This is a collection of folk tales all of which have appeared in one form or another in different cultures. While the stories are not particularly dated, in the introduction to each one the author makes mention of various sources, places and cultures from which the stories are drawn. Even if a story seems modern or too exotic for SCA storytelling, you can often uses the introductory notes to track down a period version.

You will find many familiar stories here, but often with nuances or details that are unfamiliar. I'm fond of the story of Tom Tit Tot, which is Rumplestiltskin in Cornwall.

Sometime one of the collection's stories will remind me of one I've heard before at Storytellers (after all, there are only 7 stories in the world).

For example: the story "The New Hand" comes from the American South, late 19th-early 20th century (I'm guessing on the dates from the style). A hired hand cuts an old man in two, then throws him in the river and he emerges a younger man. The old man asks for the same to be done to his wife, but the new hand is away that day, so the farmer's son tries it and kills the wife instead. As he is about to be hanged for the murder, the new hand appears with the wife, very much alive and much younger.

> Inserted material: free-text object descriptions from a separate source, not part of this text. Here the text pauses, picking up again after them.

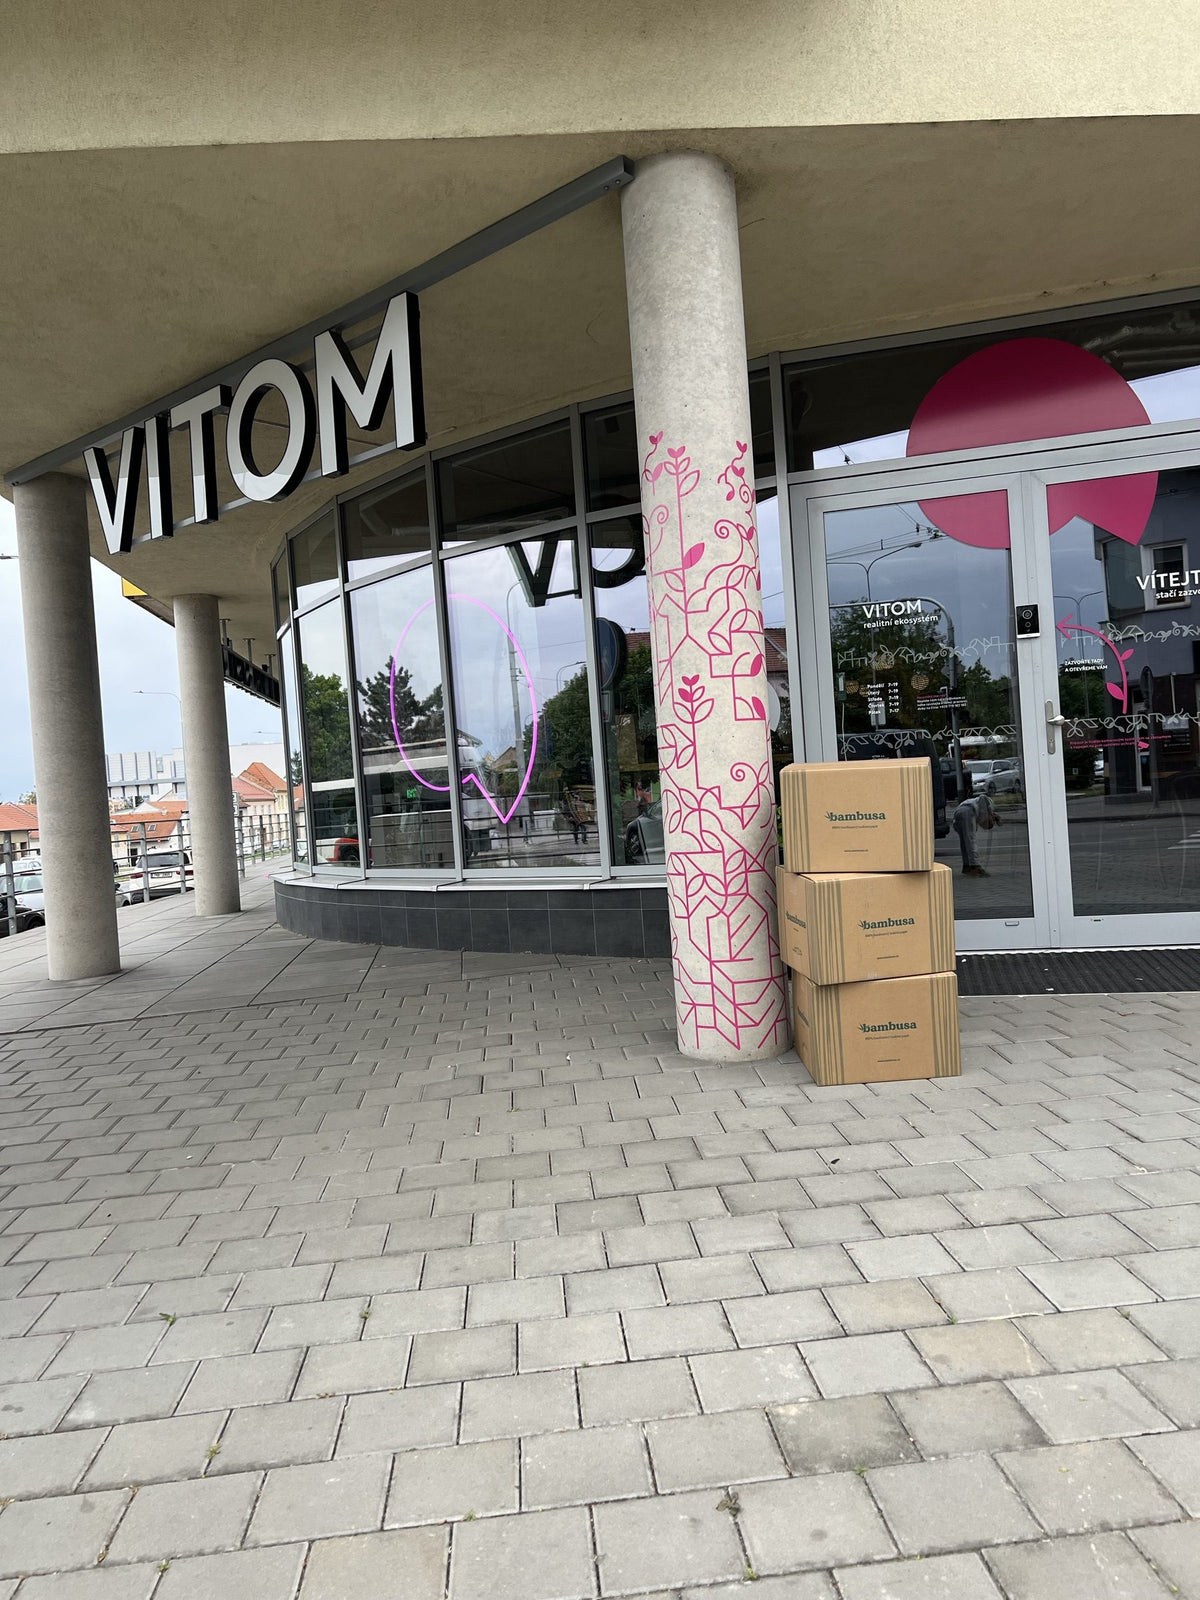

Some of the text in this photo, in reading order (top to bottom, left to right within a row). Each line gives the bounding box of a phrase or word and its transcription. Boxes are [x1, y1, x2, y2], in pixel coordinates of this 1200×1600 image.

[83, 291, 425, 555] VITOM
[1135, 569, 1200, 590] VÍTEJT
[1155, 589, 1177, 599] stačí
[862, 599, 922, 619] VITOM
[863, 614, 939, 629] realitní ekosystém
[1069, 665, 1096, 673] OTEVŘEME
[828, 811, 886, 822] bambusa
[861, 917, 915, 930] bambusa
[861, 1021, 917, 1033] bambusa

So... sound like Yevsha's story about the devil as the blacksmith's apprentice? It even has roots going back to Medea, although that story doesn't exactly have a happy ending.

Unfortunately, the beautiful hardcover edition I have is out of print. Amazon does carry a paperback, which will give you the stories (I suppose that's the important part), but not the illustrations, which, done by many different artists (including Brian Froud) are lovely. [MW]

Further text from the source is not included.